(Material supplied begins)

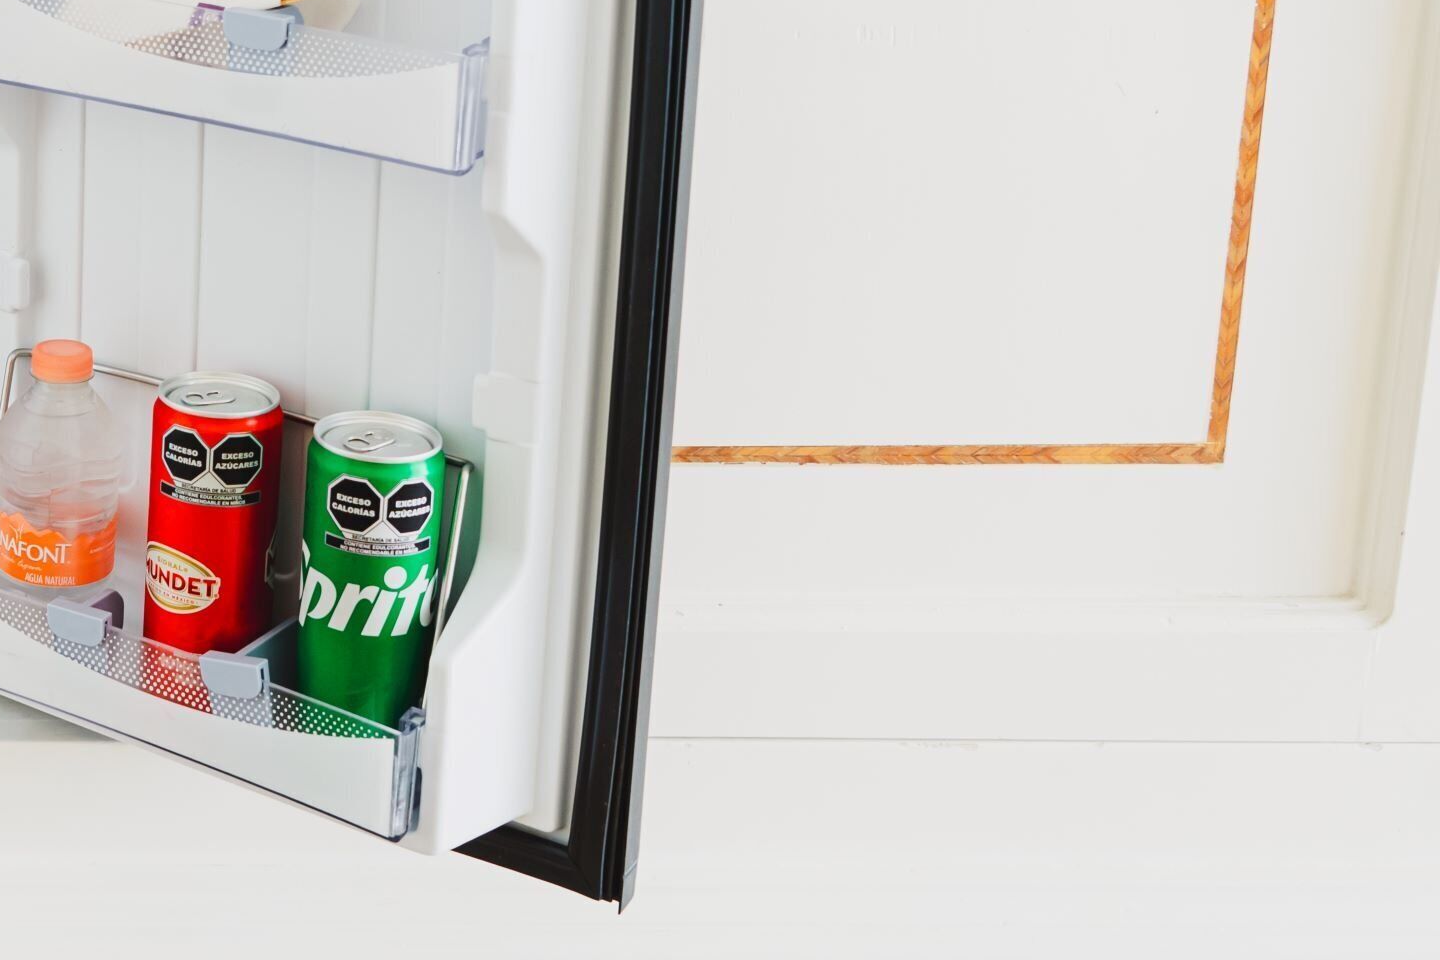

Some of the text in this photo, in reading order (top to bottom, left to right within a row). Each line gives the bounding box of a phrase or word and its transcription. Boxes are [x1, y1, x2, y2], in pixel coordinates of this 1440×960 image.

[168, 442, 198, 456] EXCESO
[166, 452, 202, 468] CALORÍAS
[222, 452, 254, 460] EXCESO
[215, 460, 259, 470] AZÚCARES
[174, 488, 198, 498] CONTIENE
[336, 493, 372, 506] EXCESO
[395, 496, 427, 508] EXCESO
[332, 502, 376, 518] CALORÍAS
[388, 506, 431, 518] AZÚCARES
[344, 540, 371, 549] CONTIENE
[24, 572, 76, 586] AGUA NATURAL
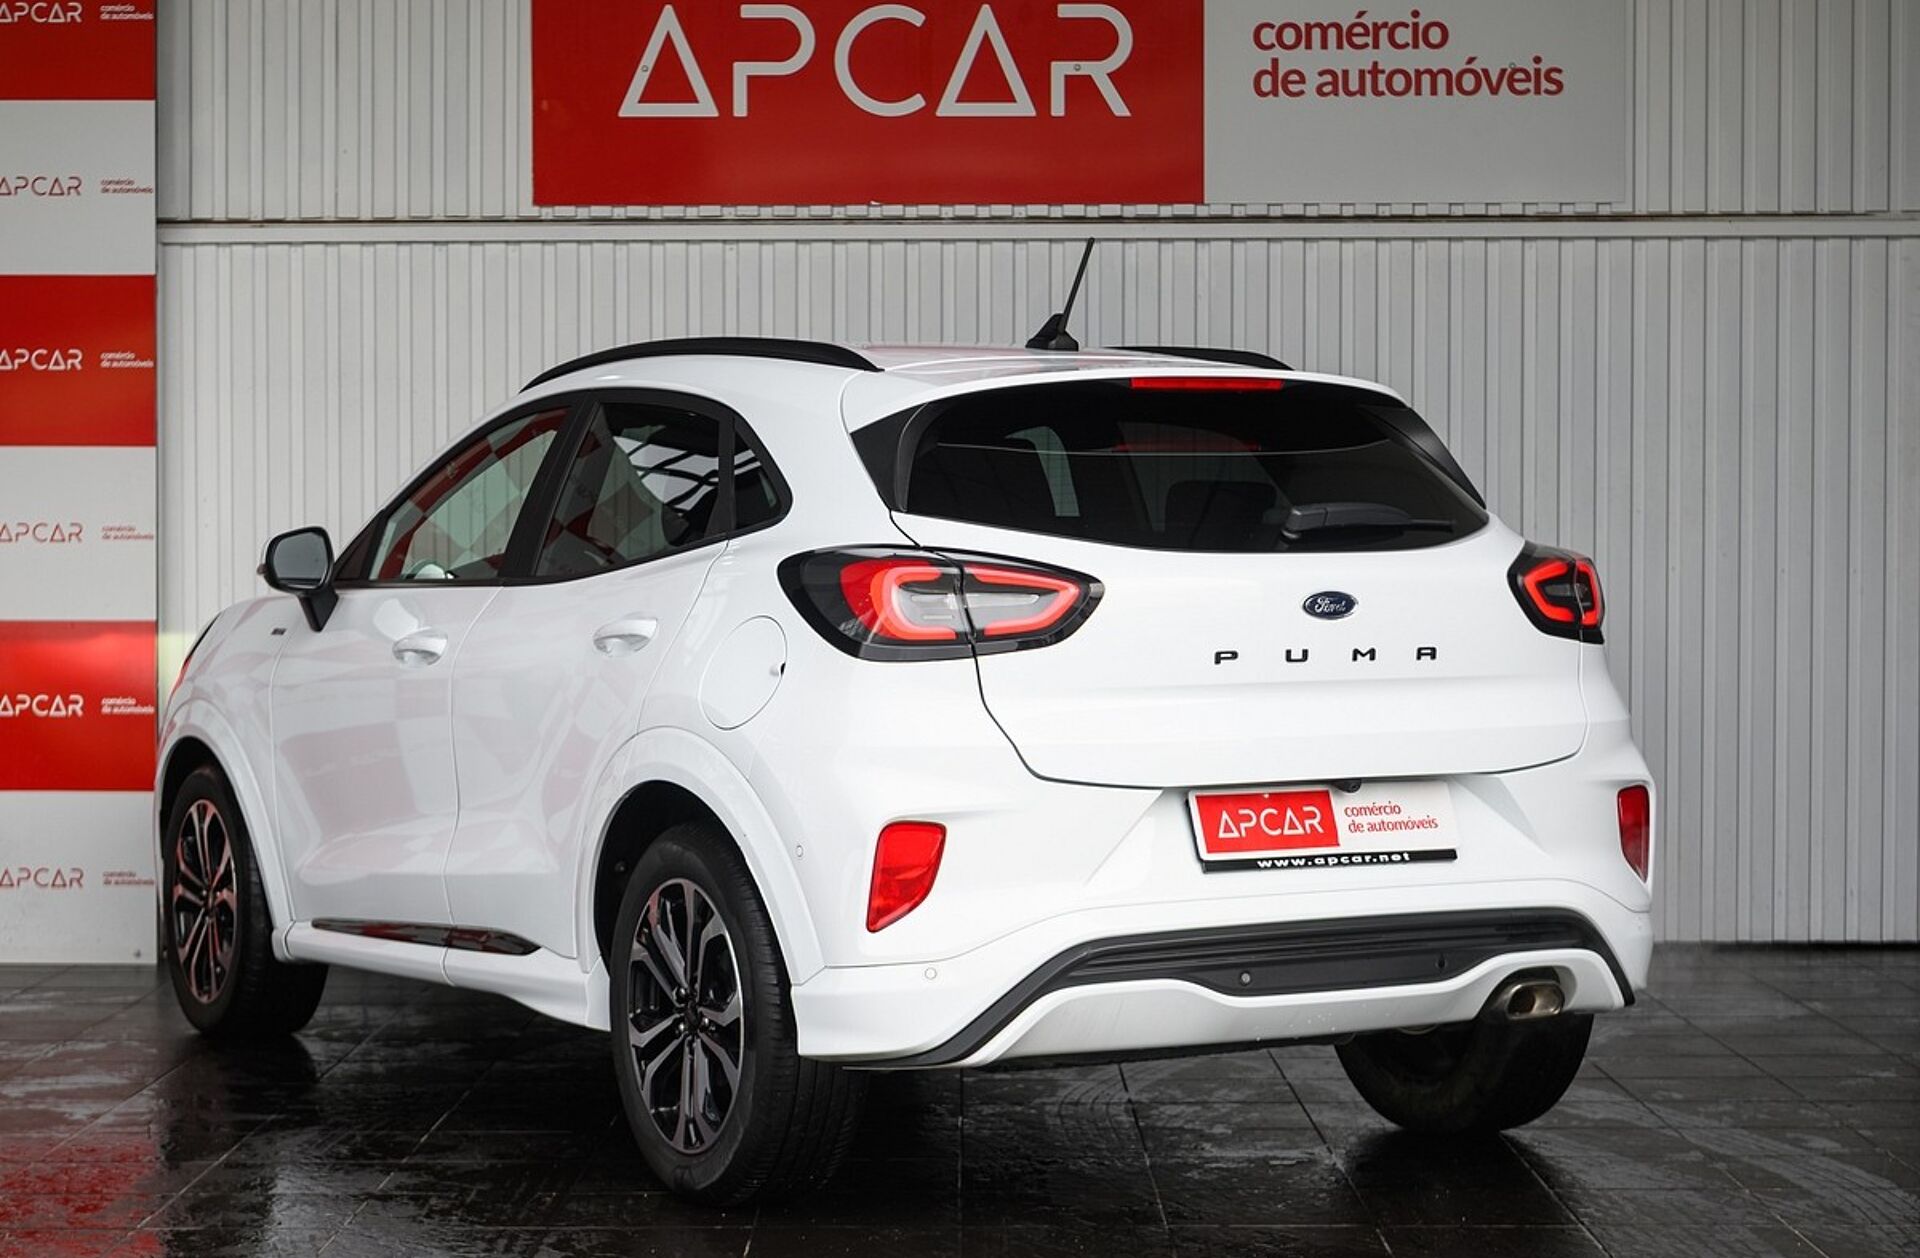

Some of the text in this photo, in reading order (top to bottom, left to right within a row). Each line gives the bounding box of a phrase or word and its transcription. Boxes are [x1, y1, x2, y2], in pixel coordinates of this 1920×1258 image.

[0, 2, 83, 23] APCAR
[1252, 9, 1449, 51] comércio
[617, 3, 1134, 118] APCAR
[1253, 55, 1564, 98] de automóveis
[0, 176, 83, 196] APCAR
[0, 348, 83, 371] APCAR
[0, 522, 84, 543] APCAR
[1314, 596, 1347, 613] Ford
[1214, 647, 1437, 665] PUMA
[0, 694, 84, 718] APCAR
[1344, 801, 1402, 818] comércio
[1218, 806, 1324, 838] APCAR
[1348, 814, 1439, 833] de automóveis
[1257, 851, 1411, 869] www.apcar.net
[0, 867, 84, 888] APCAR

(Material supplied ends)

# Required action
For each record, return its text exactly and leave any picture out.

# Final answer
Some of the text in this photo, in reading order (top to bottom, left to right within a row). Each line gives the bounding box of a phrase or word and its transcription. Boxes are [x1, y1, x2, y2], in pixel coordinates of this 1440×960 image.

[168, 442, 198, 456] EXCESO
[166, 452, 202, 468] CALORÍAS
[222, 452, 254, 460] EXCESO
[215, 460, 259, 470] AZÚCARES
[174, 488, 198, 498] CONTIENE
[336, 493, 372, 506] EXCESO
[395, 496, 427, 508] EXCESO
[332, 502, 376, 518] CALORÍAS
[388, 506, 431, 518] AZÚCARES
[344, 540, 371, 549] CONTIENE
[24, 572, 76, 586] AGUA NATURAL

Some of the text in this photo, in reading order (top to bottom, left to right within a row). Each line gives the bounding box of a phrase or word and its transcription. Boxes are [x1, y1, x2, y2], in pixel coordinates of this 1920×1258 image.

[0, 2, 83, 23] APCAR
[1252, 9, 1449, 51] comércio
[617, 3, 1134, 118] APCAR
[1253, 55, 1564, 98] de automóveis
[0, 176, 83, 196] APCAR
[0, 348, 83, 371] APCAR
[0, 522, 84, 543] APCAR
[1314, 596, 1347, 613] Ford
[1214, 647, 1437, 665] PUMA
[0, 694, 84, 718] APCAR
[1344, 801, 1402, 818] comércio
[1218, 806, 1324, 838] APCAR
[1348, 814, 1439, 833] de automóveis
[1257, 851, 1411, 869] www.apcar.net
[0, 867, 84, 888] APCAR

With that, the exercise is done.